Using less paper can make the world a fairer place. By using as much as six times the world average, most Europeans and North Americans are using far more than our fair share of the Earth’s resources.

Paper is a precious part of our life, with many life-enhancing uses like books and passports. It can be a sustainable product, but only it if comes from responsible sources and is used efficiently and not wastefully. As paper production is resource intensive, becoming more efficient in our paper use can cut energy use and climate change emissions, limit water, air and other pollution and produce less waste. Furthermore, deforestation has heavy social impacts and is often related to human rights abuses, particularly in countries in the global South. Responsible and efficient use of paper helps curb deforestation and support responsible paper production. Ultimately we all should value paper more highly as a precious resource and not use it as a disposable commodity.

Using less paper can also save you money

The indirect savings can be 10 times the cost of the paper alone. These include reducing the costs of technology like photocopy toner and printer ink, paying for less storage space and filing equipment, slashing postage costs and saving time. Paper is a valuable natural resource and using it carefully will make you feel better than being wasteful.
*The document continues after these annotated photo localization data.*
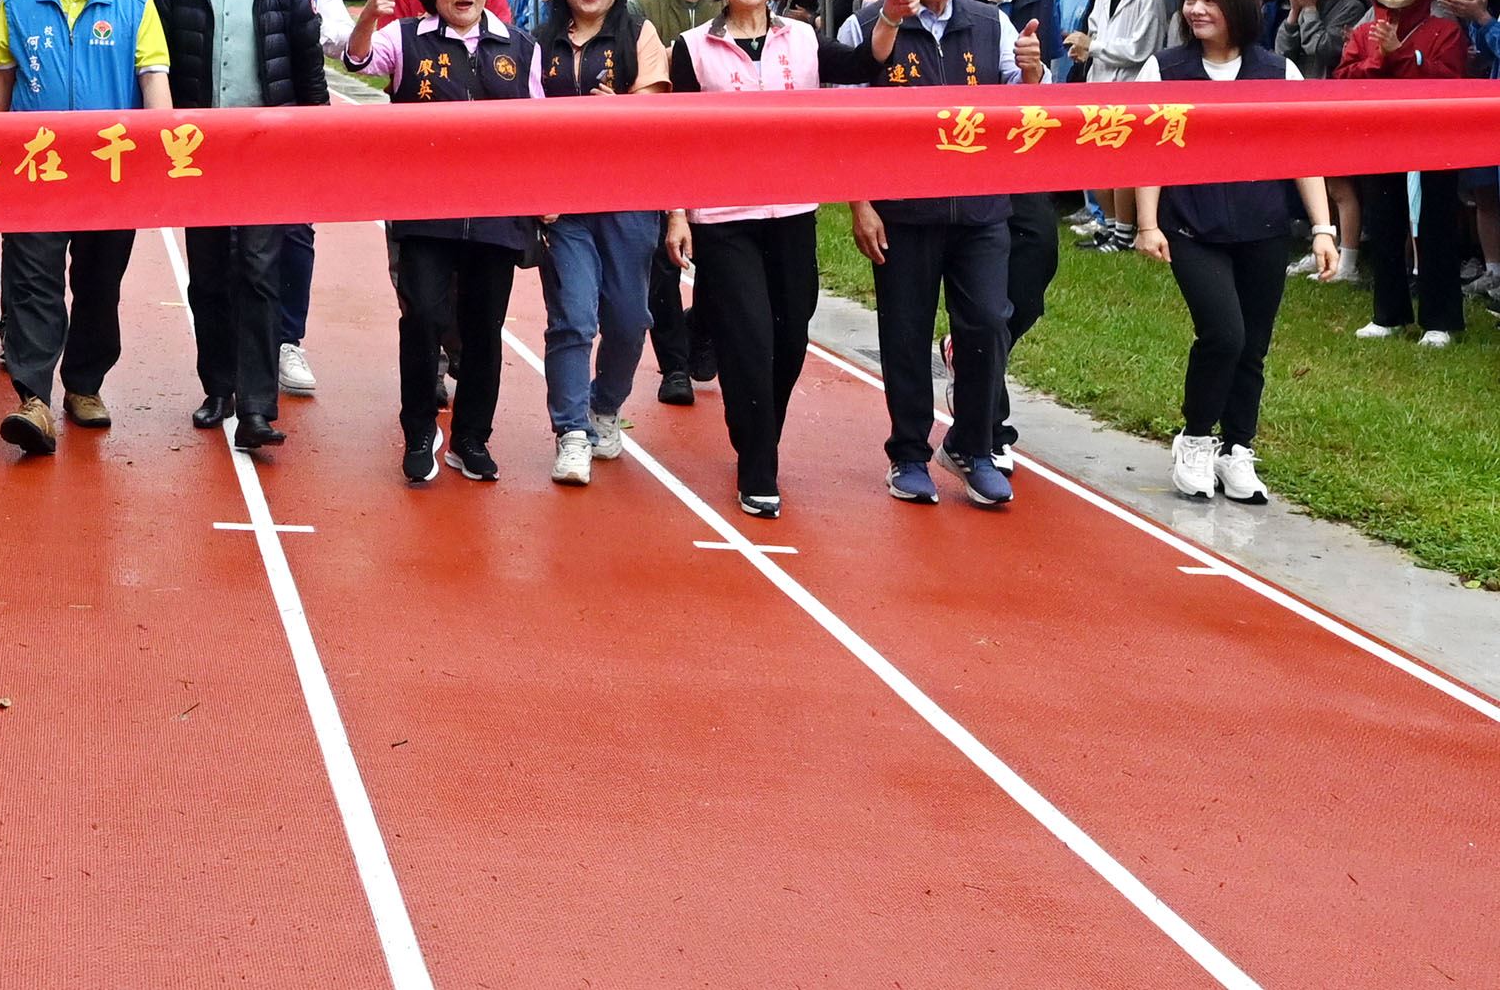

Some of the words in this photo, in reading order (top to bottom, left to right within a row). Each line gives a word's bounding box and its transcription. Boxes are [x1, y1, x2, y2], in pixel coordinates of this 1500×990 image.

[44, 26, 53, 49] 校長
[26, 35, 41, 93] 何高志
[438, 53, 451, 79] 議員
[887, 63, 908, 83] 連
[416, 58, 436, 100] 廖英
We are not advocating the use of alternative materials to paper, unless they are proven to have a smaller ecological footprint, and we encourage all paper users to work towards all the goals in our global paper vision.

Not only paper, use less of everything!

The EEPN’s focus is on paper, however it is clear that overconsumption and inefficient consumption as well as bad practices also occur with other commodities. In the last 50 years, humanity doubled demands on natural resources, increased our carbon footprint 11-fold and quadrupled our paper consumption. By 2007 our footprint exceeded the Earth´s biocapacity by 50%.

By 2030 we would need 2 planets to keep up with current rates of resource consumption (including carbon absorption capacity), but we only have one planet!

Food, fibre and fuel compete intensively for limited land and water resources, which raises fundamental questions about how we can adapt our ways of living and doing business. Yet many of us can see that we need to find an alternative to business as usual.  In 2010,  according to Price Waterhouse Cooper, 34% of Asia-Pacific Chief Executive Officers (CEOs) and 53% of Latin American CEOs expressed concern about the impacts of biodiversity loss on their business growth prospects, yet so far only 18% of Western European CEOs get the message.

In the longer term, as population and incomes grow,  humanity will require forestry and farming practices that produce more with less land, water and pollution, and we will require new consumption patterns that meet the needs of the poor while eliminating waste and over-consumption by the affluent. We want to see paper producers and consumers leading the way in this change. For more information on how to reduce your paper consumption, visit shrinkpaper.org and if you are interested in supporting our work on this topic, please get in touch.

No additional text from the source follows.